++++ Task data ++++

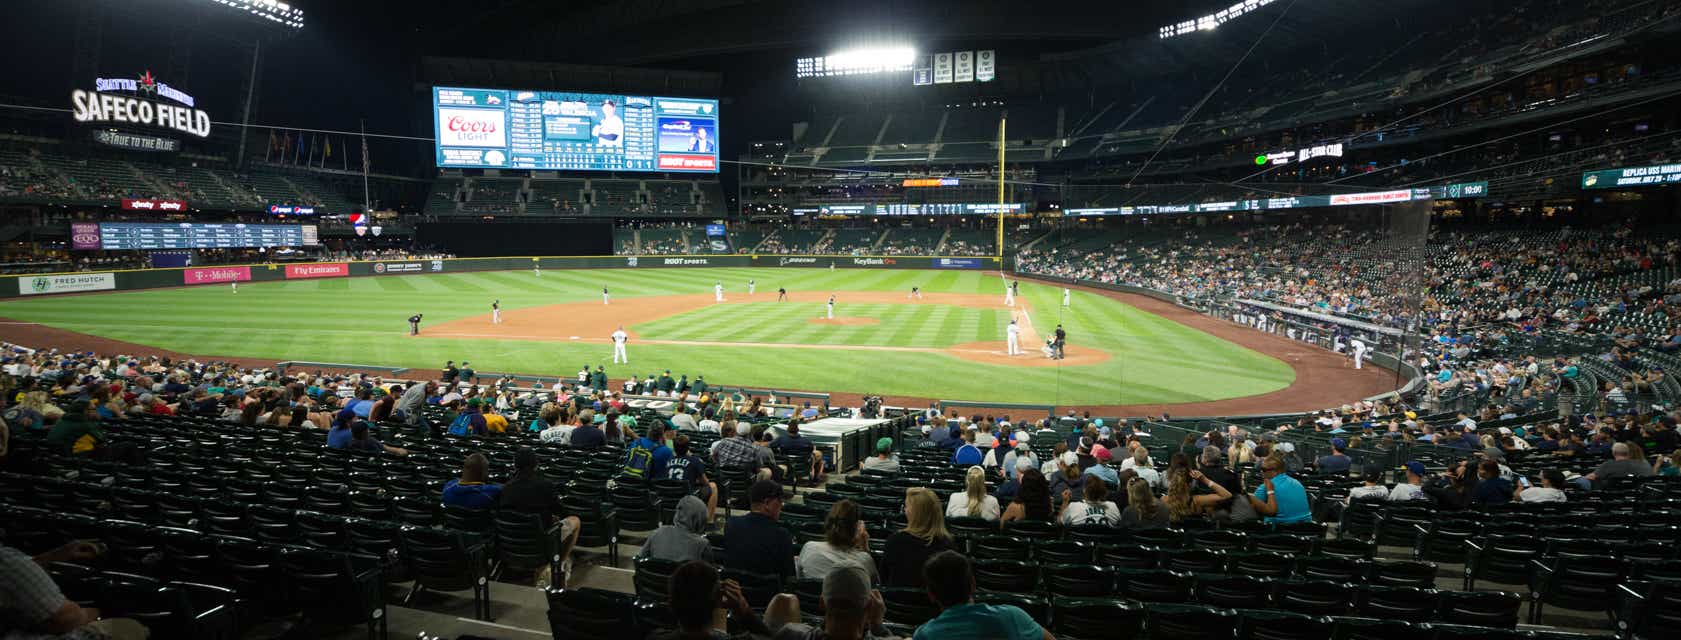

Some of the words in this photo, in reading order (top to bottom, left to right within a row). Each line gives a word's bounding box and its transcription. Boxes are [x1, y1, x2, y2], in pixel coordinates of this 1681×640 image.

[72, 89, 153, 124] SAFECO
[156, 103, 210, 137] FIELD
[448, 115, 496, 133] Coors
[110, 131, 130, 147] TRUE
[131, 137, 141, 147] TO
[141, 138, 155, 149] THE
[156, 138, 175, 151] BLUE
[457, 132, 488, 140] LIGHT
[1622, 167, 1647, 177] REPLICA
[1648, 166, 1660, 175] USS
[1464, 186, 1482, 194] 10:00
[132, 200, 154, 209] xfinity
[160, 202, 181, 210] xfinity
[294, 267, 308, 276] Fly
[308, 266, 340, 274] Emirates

++++

## Work to be completed
Your answer must be an exact copy of the records above, with every picture left out.

## Final answer
Some of the words in this photo, in reading order (top to bottom, left to right within a row). Each line gives a word's bounding box and its transcription. Boxes are [x1, y1, x2, y2], in pixel coordinates of this 1681×640 image.

[72, 89, 153, 124] SAFECO
[156, 103, 210, 137] FIELD
[448, 115, 496, 133] Coors
[110, 131, 130, 147] TRUE
[131, 137, 141, 147] TO
[141, 138, 155, 149] THE
[156, 138, 175, 151] BLUE
[457, 132, 488, 140] LIGHT
[1622, 167, 1647, 177] REPLICA
[1648, 166, 1660, 175] USS
[1464, 186, 1482, 194] 10:00
[132, 200, 154, 209] xfinity
[160, 202, 181, 210] xfinity
[294, 267, 308, 276] Fly
[308, 266, 340, 274] Emirates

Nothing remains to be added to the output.